CONTRIBUTOR – CHRISTIAN C. HUFFMAN

 
In its recently published decision in Bronson Methodist Hospital v Home-Owners Ins Co, ___ Mich App ___ (2012), the Michigan Court of Appeals recognized that PIP insurers are entitled to discover and consider a medical care provider’s cost to obtain medical care products as part of the PIP insurer’s “clear statutory right and obligation to question the reasonableness” of the medical care provider’s fees.

Plaintiff Bronson Methodist Hospital used surgical implant products, including screws and plates, to repair broken bones in two automobile accident victims. Bronson Methodist thereafter billed the patients’ respective PIP insurers a combined $386,418.85, $90,047.50 of which was listed on the bills as being for “supply/implant” products. After Bronson Methodist refused to provide invoices showing what Bronson Methodist had paid for the surgical implant products, the PIP insurers refused to pay that portion of the bills.

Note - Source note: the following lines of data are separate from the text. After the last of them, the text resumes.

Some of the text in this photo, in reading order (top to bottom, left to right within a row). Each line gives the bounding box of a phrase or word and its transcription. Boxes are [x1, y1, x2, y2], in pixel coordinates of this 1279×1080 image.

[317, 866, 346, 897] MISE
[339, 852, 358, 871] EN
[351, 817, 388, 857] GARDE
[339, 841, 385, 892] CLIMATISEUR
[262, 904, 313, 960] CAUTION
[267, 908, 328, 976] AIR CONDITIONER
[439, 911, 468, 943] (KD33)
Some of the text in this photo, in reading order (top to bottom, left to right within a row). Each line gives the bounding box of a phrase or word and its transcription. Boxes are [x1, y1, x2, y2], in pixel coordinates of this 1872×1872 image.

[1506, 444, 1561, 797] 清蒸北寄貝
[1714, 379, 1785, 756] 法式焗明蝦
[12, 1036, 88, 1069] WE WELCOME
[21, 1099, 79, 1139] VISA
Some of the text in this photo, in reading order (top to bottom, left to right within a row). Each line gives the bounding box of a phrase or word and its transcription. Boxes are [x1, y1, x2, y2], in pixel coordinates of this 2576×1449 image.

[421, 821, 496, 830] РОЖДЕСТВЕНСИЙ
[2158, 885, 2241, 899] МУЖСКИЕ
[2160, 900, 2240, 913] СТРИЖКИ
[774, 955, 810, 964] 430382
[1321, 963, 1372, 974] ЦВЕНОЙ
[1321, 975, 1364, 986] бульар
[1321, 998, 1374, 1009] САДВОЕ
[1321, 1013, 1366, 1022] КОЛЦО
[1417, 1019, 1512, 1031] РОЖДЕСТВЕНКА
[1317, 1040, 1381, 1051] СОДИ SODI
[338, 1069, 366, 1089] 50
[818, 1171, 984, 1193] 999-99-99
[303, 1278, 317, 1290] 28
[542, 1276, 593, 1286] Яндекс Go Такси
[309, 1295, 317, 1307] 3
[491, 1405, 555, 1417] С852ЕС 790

When Bronson Methodist filed suit in the Circuit Court, the PIP insurers again sought discovery regarding the wholesale costs to Bronson Methodist for the implant products, asserting that such information was relevant to the issue of whether Bronson Methodist’s charges for the products were reasonable. The Circuit Court disagreed, accepting Bronson Methodist’s argument that the PIP insurers’ reasonableness probe was limited to comparing what Bronson Methodist charges for the surgical implant products to what other medical providers “similarly located geographically” charge for them. In other words, the Circuit Court effectively held that any “mark up” Bronson Methodist was putting on the surgical implant products was irrelevant to the issue of whether the charges were reasonable.

In reversing the Circuit Court’s decision, the Court of Appeals noted that MCL 500.3158(2) further entitles the PIP insurer to request that the medical care provider produce “a written report of the . . . costs of treatment of the injured person.” The Court noted that because this statutory provision references the “costs of treatment of the injured person,” rather than the “costs of treatment to the injured person,” the Legislature must have intended that PIP insurers be entitled to a report detailing what it cost the provider to render the care, not just a report detailing what the provider charged the injured person for the care.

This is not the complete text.